**Exercise requirements**
Write out the entries exactly. None of the pictures should appear in the copy.

(Beginning of Entries supplied)

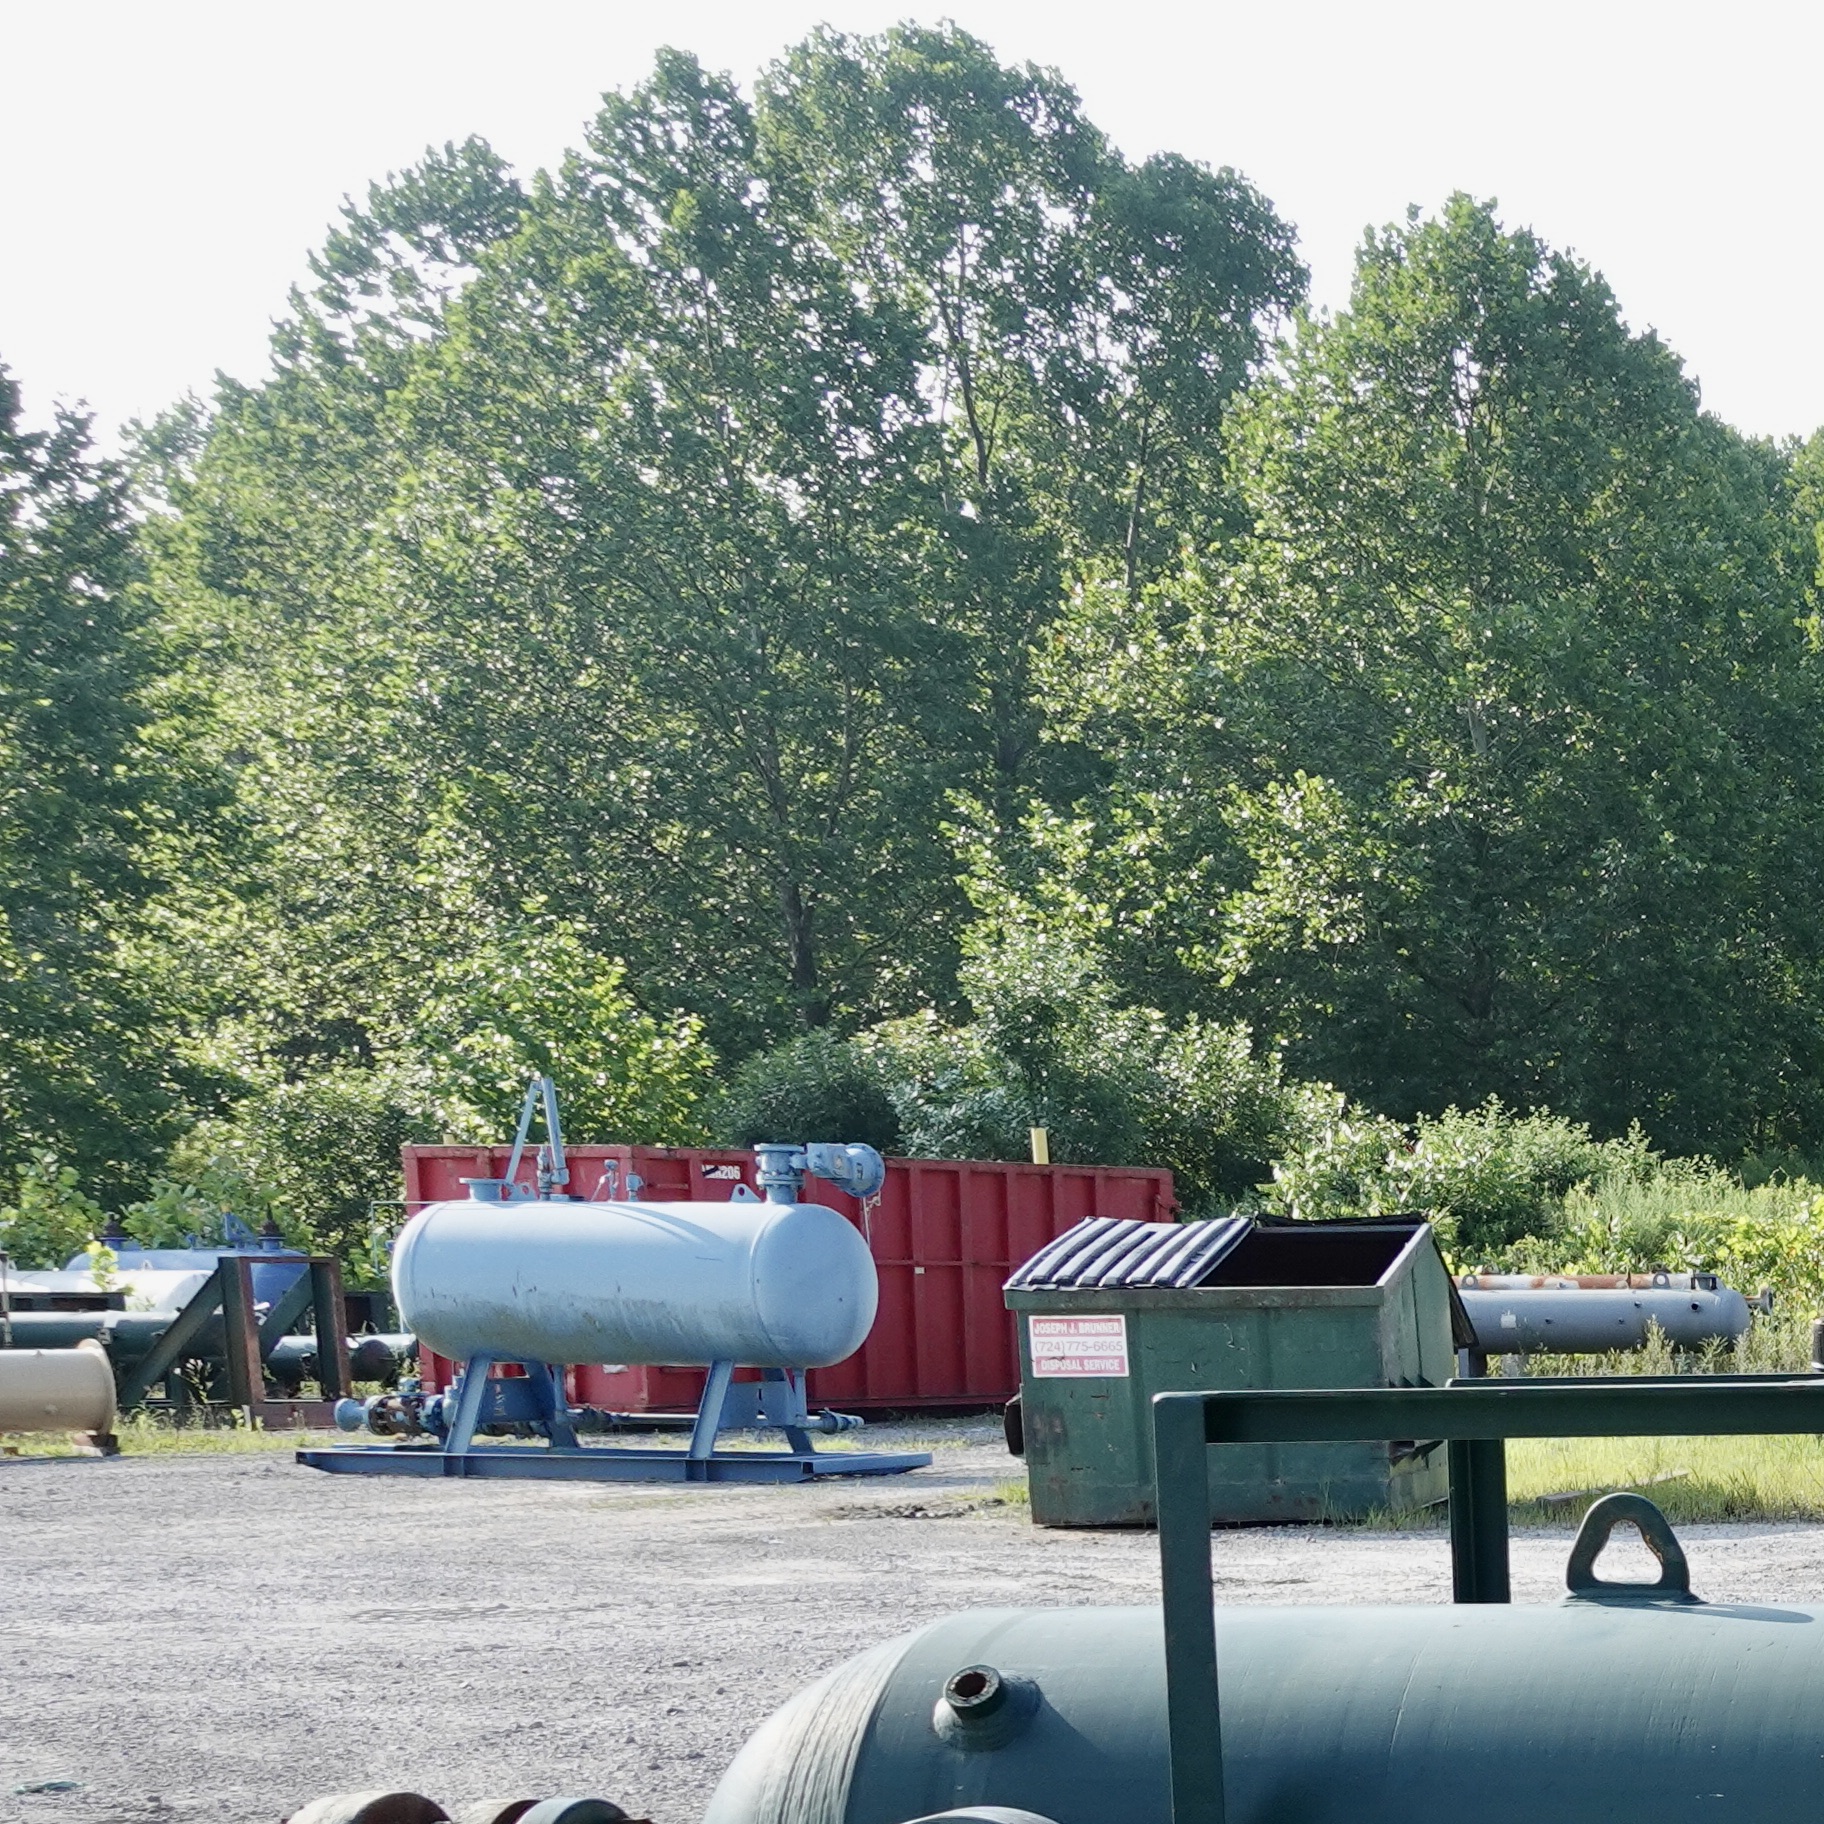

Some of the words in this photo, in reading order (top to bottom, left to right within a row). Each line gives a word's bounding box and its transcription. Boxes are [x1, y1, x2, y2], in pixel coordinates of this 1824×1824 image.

[1034, 1322, 1068, 1335] JOSEPH
[1069, 1322, 1077, 1334] J.
[1078, 1321, 1119, 1334] BRUNNER
[1041, 1358, 1083, 1371] DISPOSAL
[1083, 1358, 1120, 1371] SERVICE

(End of Entries supplied)

**Your response**
Some of the words in this photo, in reading order (top to bottom, left to right within a row). Each line gives a word's bounding box and its transcription. Boxes are [x1, y1, x2, y2], in pixel coordinates of this 1824×1824 image.

[1034, 1322, 1068, 1335] JOSEPH
[1069, 1322, 1077, 1334] J.
[1078, 1321, 1119, 1334] BRUNNER
[1041, 1358, 1083, 1371] DISPOSAL
[1083, 1358, 1120, 1371] SERVICE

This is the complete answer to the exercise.